E ci sono uomini e donne seduti sulle sponde di queste acque. Sono certi che i vapori di questi laghetti ribollenti siano un toccasana per il proprio corpo. Possono curare malattie della pella. E poi è piacevole, nonostante il caldo estremo, essere avvolti da questa sensazione di un’immensa sauna. I corpi diventano ombre, gli uomini cambiano posizioni, alcuni camminano fra le nebbie.

Abbiamo un altro personaggio nel nostro cast, Nati è andato a prenderlo a Logya. Da anni, Anfré è la nostra guida, il nostro sbroglia-problemi, il nostro passaporto ogni volta che incontriamo un posto di blocco.

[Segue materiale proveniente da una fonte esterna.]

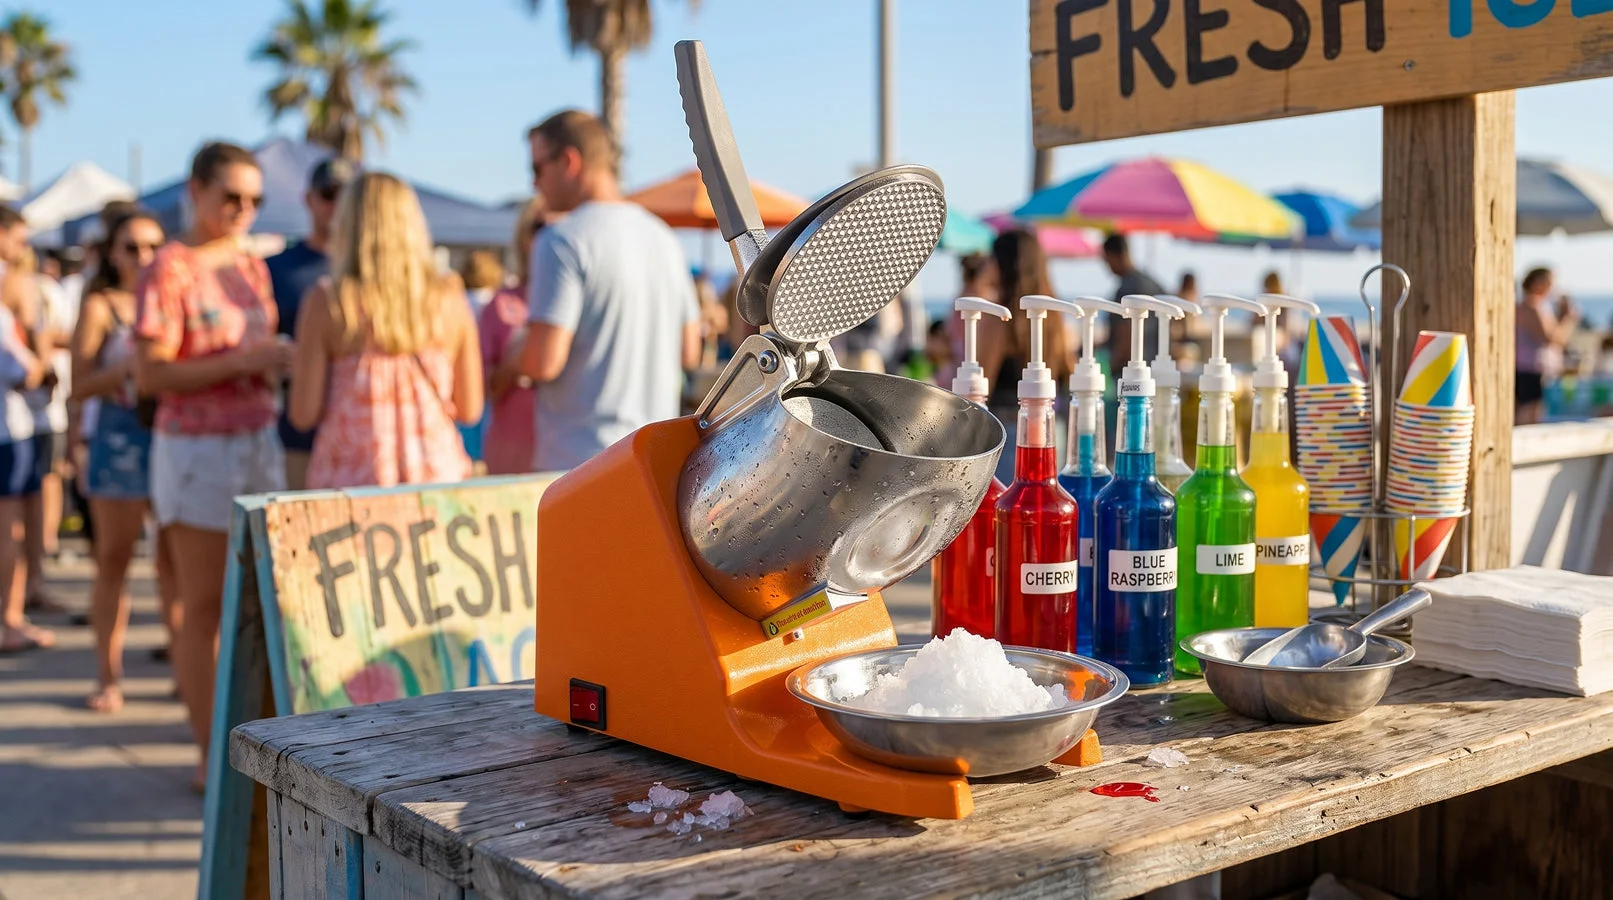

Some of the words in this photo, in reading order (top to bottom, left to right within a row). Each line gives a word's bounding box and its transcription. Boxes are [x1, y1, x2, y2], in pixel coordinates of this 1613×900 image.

Anfrè ha poco meno di cinquant’anni, lo conosco da quasi venti anni, io ho imparato tre parole di lingua afar e lui tre parole di italiano. Ce le diciamo in continuazione: gheddegè, nagá, maisini…e lui risponde: grazie, domani, buon giorno. Anfrè è uno dei pochi afar con una nascosta pancia. Insomma, non è magro come un chiodo. Era merito suo se riuscivamo a raggiungere Alalo-bed: convinceva i soldati di guardia alla diga. Oggi basta un leggero saluto ai ragazzi che, in divisa, fanno finta di controllare chi chiede di andare ai laghi bollenti. Vi devo far conoscere Anfré.

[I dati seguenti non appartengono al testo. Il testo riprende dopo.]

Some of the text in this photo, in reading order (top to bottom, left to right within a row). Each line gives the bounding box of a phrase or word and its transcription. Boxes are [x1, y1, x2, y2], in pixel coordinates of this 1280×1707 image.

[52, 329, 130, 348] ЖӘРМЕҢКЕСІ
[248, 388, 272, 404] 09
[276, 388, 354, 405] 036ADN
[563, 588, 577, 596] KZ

Alalo-bed, spiegano i vulcanologi, conferma la geologa che viaggia con noi, è un ‘campo idrotermale’, il magma è a poca distanza sotto i nostri piedi, contribuisce a spezzare l’Africa in due, e qui, crea fanghi ribollenti che si sciolgono in fosse aperte nella terra. Raccontano se, se ci fermassimo qui per qualche milione di anni, vedremmo nascere un nuovo oceano, vedremmo il Corno d’Africa diventare isola. ‘Se Allah vorrà’, mi rispose una volta un vecchio afar. Lo zolfo usa vernici gialle, i sali di ferro prediligono il rosso ruggine, alghe e batteri capaci di sopravvivere a queste temperature regalano striature verdi. Li chiamano ‘microrganismi estremofili’. Gente dura, insomma.

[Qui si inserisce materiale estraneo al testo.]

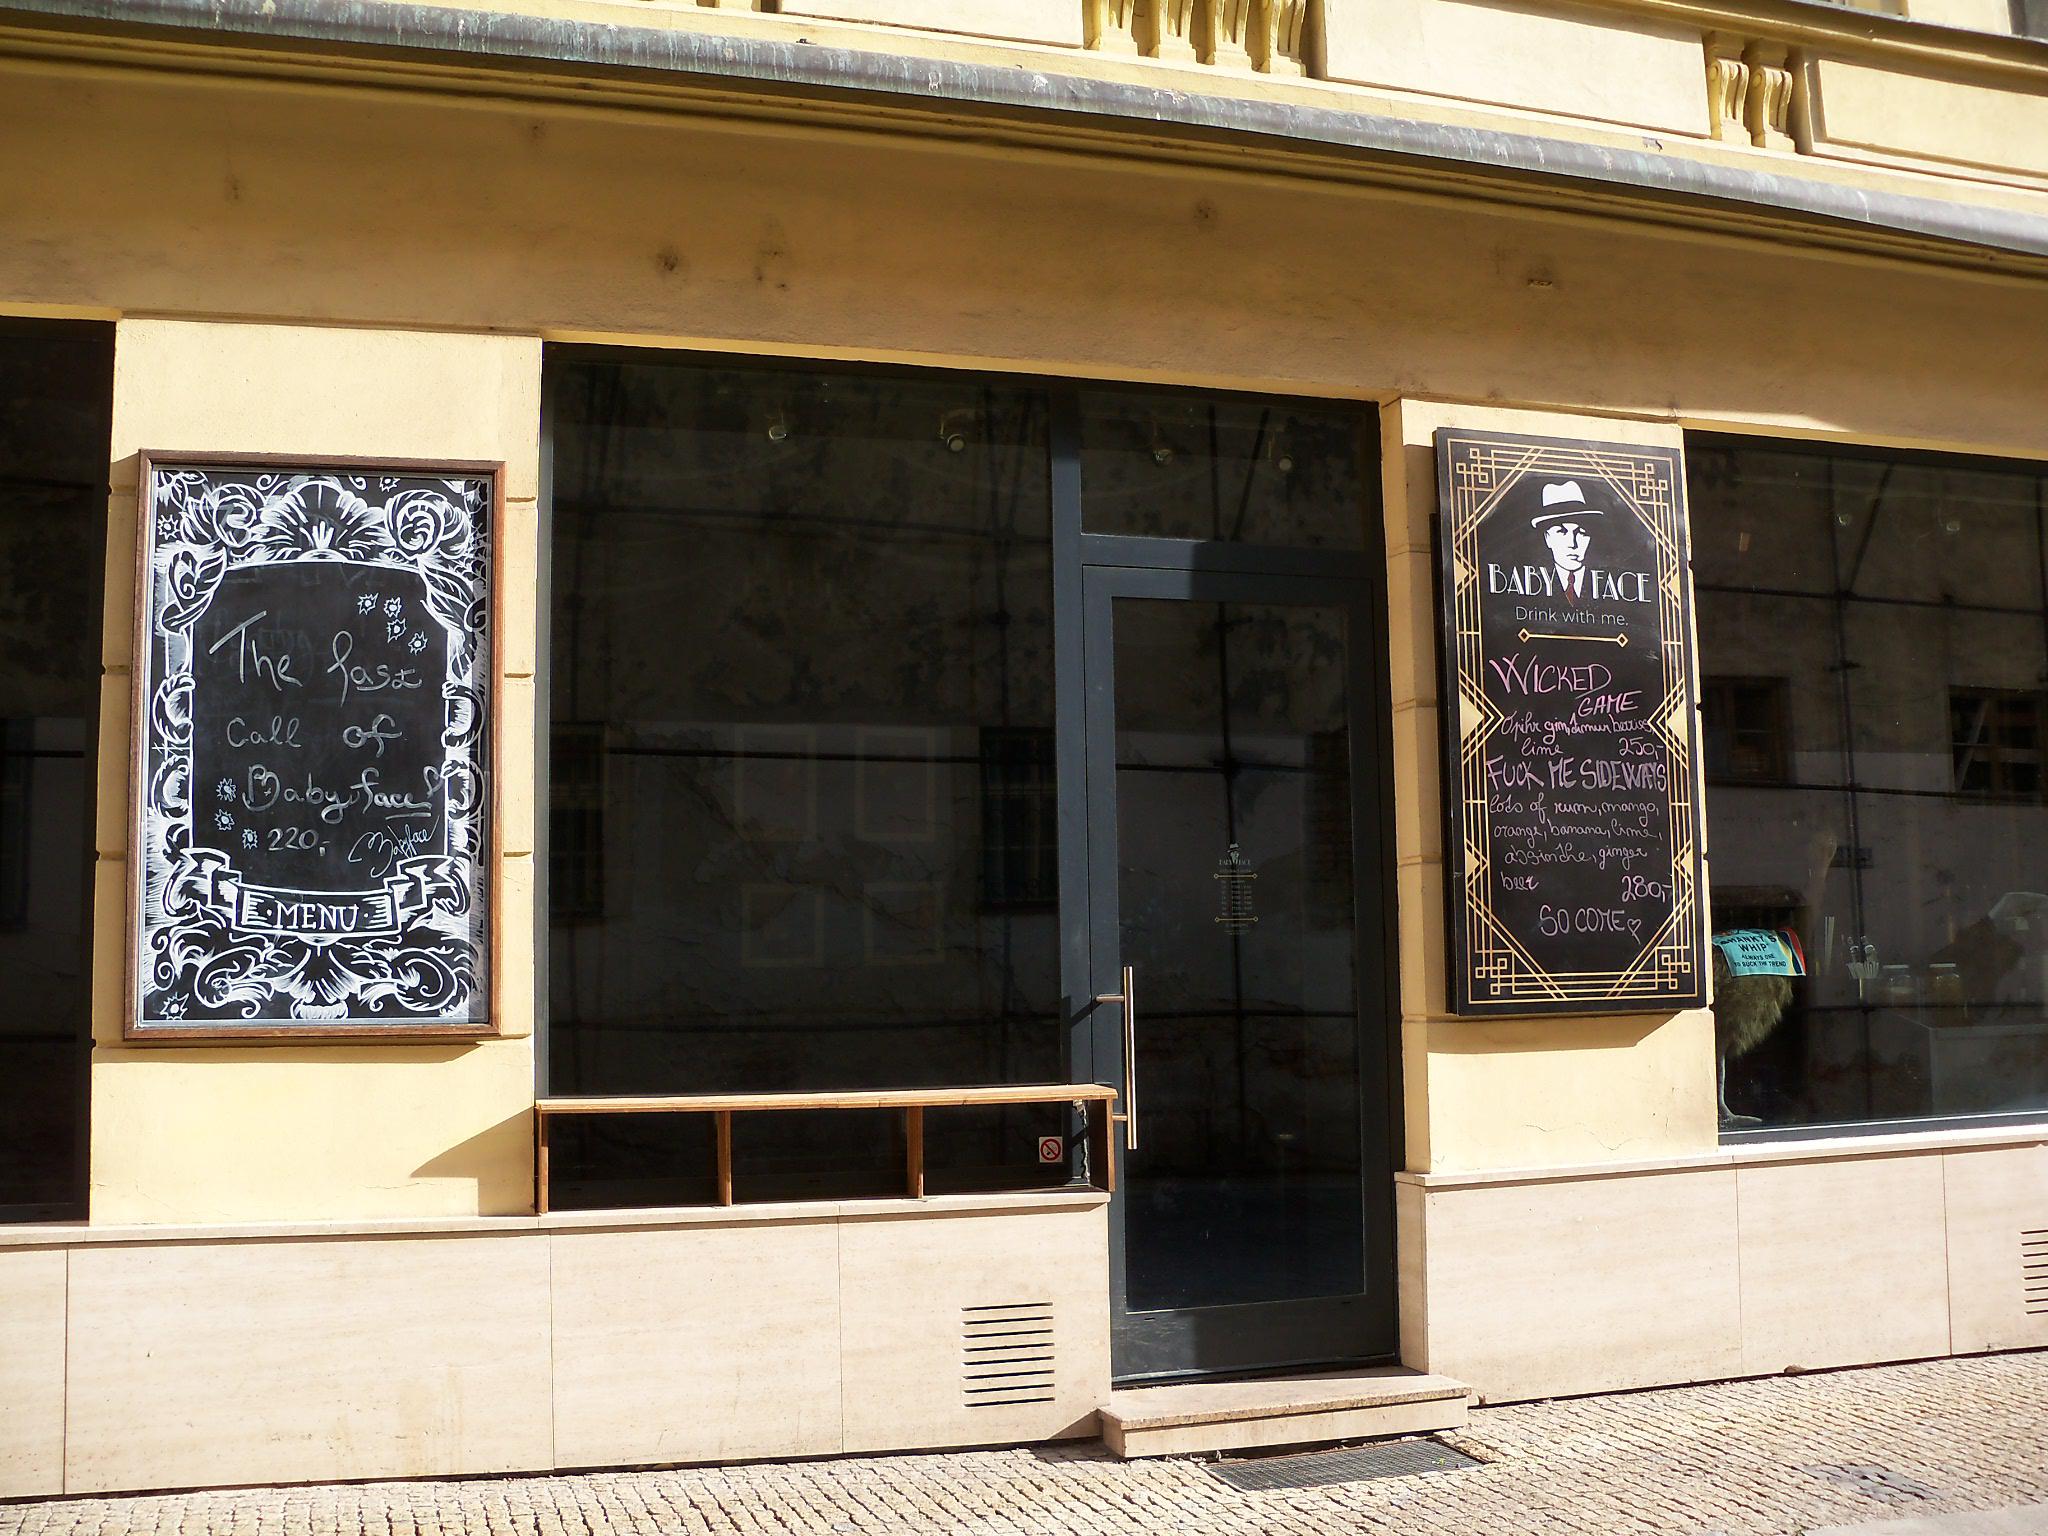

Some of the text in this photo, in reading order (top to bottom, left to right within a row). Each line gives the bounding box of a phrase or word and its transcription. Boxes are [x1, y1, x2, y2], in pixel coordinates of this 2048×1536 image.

[1487, 563, 1652, 603] BABY FACE
[1515, 606, 1629, 627] Drink with me.
[209, 610, 303, 692] The
[1488, 653, 1612, 699] WICKED
[1578, 690, 1642, 717] GAME
[226, 713, 403, 758] Call of
[1521, 737, 1563, 756] lime
[1486, 754, 1667, 792] FUCK ME SIDEWAYS
[1529, 792, 1547, 824] of
[1599, 846, 1648, 871] ginger
[1500, 871, 1539, 891] beer
[273, 902, 360, 932] MENU
[1539, 904, 1626, 936] SO COME
[1719, 934, 1778, 945] HANKYS
[1737, 943, 1766, 952] WHIP

Piccoli geyser gonfiano le labbra e provano a lanciare getti d’acqua. Non ottengono grandi risultati, pochi centimetri al più. Ma fanno sapere che la terra è viva. Si è calmato invece il grande geyser sprouter che, ogni tre minuti, si arrampicava nel cielo. Adesso sono anni che non si agita più. Si aprono fratture nella coltre bianca, un tappeto fragile di cloruri e fosfati scricchiola sui nostri passi. Anfré prende la testa del piccolo corto. Alcune donne siedono accanto alla pozza che fuma. Il cielo è grigio, una piccola voragine di fango che sobbolle, un uomo invisibile cammina nella nebbia di un fuoco che non vediamo. Lo sentiamo: uno sfrigolio, un soffio rumoroso, un sospiro.

Bruk ha preparato la sua scenografia. Tende a cerchio montate dagli autisti. Tavola apparecchiata. È il primo campo e Bruk, calzoncini corti bandana, ha messo su pancetta, conosce l’arte di sorprendere. Un fennec viene a visitarci nella notte.